Este culto, que remonta ao século XIV, é uma das mais antigas manifestações do catolicismo popular português, achando-se que teve origem, em 1320, num convento franciscano, em Alenquer. Recebeu, então, a proteção da Rainha Santa Isabel, a rainha santa, como se tornou conhecida, que prometeu ao Divino Espírito Santo espalhar a fé pelo mundo caso a segunda figura da Santíssima Trindade intercedesse junto da sua família pondo fim a desentendimentos entre o seu marido, o Rei D. Dinis, e o seu filho legítimo, D. Afonso, por razões que se prendiam com a sucessão. D. Dinis teimava em entregar a coroa portuguesa, após a sua morte, a um filho ilegítimo, D. Afonso Sanches, mas o filho Afonso reclamava o trono para si.

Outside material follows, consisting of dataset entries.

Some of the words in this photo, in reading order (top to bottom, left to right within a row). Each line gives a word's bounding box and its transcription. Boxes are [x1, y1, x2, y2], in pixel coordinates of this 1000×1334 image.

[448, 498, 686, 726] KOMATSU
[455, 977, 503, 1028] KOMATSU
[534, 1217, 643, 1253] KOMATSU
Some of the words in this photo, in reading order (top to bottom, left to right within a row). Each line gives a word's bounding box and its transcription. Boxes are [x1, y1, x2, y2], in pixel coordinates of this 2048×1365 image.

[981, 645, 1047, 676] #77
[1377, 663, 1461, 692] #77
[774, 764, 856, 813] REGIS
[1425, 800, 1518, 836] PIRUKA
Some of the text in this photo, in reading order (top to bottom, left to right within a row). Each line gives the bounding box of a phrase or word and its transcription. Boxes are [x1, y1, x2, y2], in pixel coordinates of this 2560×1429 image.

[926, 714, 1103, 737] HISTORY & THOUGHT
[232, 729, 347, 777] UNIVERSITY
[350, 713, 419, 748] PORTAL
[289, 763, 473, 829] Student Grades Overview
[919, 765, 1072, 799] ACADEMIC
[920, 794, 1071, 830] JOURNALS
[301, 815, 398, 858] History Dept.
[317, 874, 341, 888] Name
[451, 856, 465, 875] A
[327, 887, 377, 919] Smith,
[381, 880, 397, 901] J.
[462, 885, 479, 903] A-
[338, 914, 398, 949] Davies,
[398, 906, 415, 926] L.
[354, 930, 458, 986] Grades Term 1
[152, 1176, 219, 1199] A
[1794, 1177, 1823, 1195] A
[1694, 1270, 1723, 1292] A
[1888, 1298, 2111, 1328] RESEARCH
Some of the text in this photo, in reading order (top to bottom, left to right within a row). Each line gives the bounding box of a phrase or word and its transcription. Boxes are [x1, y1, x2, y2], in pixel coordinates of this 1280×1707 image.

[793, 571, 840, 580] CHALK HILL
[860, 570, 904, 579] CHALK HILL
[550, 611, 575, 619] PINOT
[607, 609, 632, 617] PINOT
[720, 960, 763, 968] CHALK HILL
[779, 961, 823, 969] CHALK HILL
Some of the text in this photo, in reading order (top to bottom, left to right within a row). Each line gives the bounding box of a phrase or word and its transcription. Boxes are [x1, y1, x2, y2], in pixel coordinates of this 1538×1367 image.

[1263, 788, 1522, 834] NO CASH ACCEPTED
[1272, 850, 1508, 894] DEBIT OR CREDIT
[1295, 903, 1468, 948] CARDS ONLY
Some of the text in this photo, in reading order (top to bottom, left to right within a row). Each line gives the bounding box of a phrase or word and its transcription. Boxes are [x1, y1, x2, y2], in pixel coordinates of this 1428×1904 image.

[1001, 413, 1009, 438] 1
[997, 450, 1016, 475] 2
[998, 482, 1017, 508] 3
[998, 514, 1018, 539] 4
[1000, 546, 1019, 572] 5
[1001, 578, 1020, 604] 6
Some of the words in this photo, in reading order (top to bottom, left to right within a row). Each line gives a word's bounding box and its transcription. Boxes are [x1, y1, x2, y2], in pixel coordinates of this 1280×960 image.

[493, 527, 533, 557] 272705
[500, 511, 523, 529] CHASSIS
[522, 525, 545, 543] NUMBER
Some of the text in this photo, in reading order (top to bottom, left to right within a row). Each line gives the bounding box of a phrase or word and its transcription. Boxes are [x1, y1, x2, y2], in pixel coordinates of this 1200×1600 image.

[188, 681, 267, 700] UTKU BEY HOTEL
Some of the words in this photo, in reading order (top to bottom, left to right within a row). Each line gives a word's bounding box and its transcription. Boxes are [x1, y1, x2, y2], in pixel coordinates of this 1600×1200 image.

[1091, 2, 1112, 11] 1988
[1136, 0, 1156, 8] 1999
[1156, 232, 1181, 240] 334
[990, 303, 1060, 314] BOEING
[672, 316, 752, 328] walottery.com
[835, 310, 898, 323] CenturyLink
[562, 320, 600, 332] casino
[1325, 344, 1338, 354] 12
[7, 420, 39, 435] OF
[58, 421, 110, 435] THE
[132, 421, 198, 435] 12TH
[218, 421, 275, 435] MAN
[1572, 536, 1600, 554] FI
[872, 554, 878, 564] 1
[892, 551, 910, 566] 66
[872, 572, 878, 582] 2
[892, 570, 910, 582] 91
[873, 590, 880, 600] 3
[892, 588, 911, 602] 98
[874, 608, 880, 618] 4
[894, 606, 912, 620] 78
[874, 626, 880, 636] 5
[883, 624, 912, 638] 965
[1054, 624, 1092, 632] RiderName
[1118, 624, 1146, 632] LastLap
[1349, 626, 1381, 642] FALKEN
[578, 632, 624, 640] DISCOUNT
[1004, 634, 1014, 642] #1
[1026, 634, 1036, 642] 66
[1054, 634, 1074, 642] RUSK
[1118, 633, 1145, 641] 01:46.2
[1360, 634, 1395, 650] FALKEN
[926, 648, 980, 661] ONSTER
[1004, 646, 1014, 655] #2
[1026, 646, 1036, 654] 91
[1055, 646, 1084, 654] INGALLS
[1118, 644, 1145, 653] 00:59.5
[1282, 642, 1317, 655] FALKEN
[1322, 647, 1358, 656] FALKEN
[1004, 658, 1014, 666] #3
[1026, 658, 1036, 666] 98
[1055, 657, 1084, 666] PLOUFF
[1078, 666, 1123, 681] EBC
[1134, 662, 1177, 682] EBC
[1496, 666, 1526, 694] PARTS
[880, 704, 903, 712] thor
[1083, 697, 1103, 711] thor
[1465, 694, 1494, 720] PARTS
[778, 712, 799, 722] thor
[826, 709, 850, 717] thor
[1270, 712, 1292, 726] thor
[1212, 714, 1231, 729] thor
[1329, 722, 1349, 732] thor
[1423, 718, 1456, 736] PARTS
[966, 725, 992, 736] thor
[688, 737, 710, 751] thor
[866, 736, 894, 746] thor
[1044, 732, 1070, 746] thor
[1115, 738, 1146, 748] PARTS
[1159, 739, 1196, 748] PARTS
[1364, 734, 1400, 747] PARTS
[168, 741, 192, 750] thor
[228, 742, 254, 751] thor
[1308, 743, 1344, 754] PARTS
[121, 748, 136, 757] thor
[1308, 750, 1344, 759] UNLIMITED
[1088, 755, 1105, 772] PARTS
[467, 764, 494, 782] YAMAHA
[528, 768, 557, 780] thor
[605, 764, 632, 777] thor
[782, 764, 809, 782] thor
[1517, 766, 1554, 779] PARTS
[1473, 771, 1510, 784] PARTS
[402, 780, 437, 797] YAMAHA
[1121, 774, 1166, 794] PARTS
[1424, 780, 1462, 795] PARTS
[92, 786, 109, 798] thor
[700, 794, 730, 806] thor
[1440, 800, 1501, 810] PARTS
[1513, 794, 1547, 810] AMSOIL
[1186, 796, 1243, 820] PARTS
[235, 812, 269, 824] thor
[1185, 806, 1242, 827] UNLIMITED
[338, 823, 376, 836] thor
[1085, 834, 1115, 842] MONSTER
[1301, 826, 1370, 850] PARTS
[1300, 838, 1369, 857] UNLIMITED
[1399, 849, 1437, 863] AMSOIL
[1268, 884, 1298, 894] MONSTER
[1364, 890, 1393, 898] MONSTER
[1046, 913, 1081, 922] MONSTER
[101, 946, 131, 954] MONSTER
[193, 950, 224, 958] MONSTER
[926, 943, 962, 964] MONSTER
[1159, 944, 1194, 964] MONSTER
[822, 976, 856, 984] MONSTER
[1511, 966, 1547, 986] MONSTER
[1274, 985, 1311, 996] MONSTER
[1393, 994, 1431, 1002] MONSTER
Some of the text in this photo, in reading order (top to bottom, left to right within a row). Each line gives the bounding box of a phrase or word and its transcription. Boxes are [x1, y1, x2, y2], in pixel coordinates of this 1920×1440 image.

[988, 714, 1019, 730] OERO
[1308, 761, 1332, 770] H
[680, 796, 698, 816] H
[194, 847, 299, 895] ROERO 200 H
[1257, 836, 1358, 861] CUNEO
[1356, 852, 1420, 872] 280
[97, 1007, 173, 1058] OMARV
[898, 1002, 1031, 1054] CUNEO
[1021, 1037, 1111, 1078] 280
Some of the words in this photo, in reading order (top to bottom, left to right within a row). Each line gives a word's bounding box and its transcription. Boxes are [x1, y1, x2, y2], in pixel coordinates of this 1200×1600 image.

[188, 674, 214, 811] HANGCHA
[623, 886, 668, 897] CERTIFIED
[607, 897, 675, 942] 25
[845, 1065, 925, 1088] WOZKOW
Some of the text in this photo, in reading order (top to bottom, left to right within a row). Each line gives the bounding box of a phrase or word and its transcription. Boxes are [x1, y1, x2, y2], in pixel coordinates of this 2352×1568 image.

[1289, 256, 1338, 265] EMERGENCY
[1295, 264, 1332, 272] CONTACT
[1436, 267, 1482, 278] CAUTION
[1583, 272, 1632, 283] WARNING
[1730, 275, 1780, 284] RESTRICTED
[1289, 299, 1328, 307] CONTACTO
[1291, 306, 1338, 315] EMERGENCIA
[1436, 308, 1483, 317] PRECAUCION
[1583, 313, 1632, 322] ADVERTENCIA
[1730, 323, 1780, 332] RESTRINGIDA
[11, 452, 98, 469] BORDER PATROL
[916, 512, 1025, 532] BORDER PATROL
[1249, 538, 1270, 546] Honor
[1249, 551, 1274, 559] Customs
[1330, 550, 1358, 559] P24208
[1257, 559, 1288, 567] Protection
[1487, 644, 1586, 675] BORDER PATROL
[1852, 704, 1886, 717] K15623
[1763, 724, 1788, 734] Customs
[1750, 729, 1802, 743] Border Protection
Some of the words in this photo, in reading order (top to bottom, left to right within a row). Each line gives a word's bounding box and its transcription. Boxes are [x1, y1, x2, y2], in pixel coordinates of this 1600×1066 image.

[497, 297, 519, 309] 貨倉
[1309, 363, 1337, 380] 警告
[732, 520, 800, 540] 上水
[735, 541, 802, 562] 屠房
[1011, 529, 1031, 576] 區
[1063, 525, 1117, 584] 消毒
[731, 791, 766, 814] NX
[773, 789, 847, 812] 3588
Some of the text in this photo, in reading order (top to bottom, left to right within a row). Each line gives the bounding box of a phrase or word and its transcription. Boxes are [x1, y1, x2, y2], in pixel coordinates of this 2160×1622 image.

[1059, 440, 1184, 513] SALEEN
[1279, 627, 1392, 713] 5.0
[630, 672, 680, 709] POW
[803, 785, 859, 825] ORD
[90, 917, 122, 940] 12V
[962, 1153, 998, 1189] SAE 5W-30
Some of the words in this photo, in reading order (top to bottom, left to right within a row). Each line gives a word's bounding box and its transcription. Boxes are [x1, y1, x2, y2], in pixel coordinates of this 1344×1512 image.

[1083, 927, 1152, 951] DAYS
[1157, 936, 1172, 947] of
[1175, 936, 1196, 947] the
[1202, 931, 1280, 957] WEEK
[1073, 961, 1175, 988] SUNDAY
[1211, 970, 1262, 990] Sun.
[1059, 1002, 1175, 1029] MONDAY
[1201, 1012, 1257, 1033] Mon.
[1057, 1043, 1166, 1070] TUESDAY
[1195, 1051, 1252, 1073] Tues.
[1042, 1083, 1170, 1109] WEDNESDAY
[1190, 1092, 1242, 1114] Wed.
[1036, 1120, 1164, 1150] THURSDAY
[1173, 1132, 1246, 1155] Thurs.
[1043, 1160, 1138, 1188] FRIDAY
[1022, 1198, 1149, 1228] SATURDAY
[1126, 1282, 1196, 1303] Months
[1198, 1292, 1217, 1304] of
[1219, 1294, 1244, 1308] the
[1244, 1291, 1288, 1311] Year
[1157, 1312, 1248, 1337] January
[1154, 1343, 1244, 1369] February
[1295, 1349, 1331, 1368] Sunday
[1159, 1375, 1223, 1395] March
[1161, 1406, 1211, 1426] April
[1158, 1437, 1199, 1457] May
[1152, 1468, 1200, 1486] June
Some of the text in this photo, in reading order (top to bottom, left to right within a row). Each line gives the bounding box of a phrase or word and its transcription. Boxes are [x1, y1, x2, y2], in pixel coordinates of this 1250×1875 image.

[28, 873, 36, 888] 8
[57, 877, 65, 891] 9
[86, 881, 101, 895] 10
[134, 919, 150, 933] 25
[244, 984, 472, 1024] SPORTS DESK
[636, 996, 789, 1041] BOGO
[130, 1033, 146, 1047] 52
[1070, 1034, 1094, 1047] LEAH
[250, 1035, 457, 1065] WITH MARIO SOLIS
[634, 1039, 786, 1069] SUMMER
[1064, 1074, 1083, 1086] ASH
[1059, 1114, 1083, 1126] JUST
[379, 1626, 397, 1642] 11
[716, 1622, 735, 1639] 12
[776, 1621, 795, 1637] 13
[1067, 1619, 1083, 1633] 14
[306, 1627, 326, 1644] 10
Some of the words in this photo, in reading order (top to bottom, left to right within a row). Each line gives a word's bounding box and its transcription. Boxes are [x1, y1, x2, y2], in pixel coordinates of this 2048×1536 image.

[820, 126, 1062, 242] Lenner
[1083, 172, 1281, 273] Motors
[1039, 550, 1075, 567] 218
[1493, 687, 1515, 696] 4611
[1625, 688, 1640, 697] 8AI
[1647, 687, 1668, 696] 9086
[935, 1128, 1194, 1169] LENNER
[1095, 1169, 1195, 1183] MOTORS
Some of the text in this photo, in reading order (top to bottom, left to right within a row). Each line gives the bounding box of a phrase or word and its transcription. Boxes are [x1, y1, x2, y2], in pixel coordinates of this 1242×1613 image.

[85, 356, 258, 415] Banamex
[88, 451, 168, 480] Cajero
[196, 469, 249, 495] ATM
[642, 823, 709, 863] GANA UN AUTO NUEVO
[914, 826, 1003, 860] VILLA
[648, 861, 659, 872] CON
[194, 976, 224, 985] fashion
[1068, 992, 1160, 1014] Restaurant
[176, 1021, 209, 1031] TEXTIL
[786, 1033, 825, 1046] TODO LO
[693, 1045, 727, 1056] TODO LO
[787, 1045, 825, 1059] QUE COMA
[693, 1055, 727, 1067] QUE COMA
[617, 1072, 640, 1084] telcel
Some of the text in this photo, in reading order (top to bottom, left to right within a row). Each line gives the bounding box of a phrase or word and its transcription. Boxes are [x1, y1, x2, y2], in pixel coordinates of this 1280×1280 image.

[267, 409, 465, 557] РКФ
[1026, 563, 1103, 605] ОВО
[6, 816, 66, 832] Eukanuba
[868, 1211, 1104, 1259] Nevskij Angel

A partir daí, uma coroa encimada por uma pomba, símbolo do Espírito Santo, começou a viajar em peregrinação por todo o território português de aquém e de além-mar, levada pelos descobridores portugueses. A tradição acabou quase por morrer no continente português, todavia persistiu com a maior pujança no arquipélago dos Açores. Os festejos acontecem cinquenta dias após a Páscoa, enaltecendo o Dia de Pentecostes, quando, segundo reza a história católica, o Espírito Santo desceu sobre a Virgem Maria e os Apóstolos.
Nos Açores, mais fortemente na ilha Terceira, vamos encontrar os denominados Impérios do Divino Espírito Santo, que são pequenas construções com bonitas fachadas erigidas para o culto pelas irmandades do Divino. E há missas de coroação seguidas de procissões e de almoços da Santíssima Trindade, onde, em mesas estendidas ao comprido, o povo se senta lado a lado e come as tradicionais sopas em confraternizações alegres e sãs.
Todos os anos é nomeado um Imperador, figura principal dos festejos, que organiza a coroação e se vê auxiliado por populares com posses, como são alguns lavradores, que engordam e doam os bezerros cuja carne é utilizada nas sopas e distribuída, juntamente com os bodos, porta a porta, pela irmandade. O Imperador, que também financia a festa, é, em geral, pessoa respeitada pela comunidade e benquista do povoado.
A coroa, o cetro e a orbe do Espírito Santo que repousam todo o ano nos Impérios, passam nesta altura para a casa do imperador, ficando, à sua guarda e da sua família, sobre um altar improvisado decorado com flores naturais ou de papel, em frente ao qual familiares, amigos e populares rezam diariamente o terço. A casa imperial tem uma bandeira hasteada junto à porta a assinalar a presença da divindade.
Hoje, o culto ao Divino Espírito Santo é, nos Açores, no Brasil, nos Estados Unidos da América e no Canadá, locais privilegiados de emigração dos ilhéus, um traço comum da açorianidade.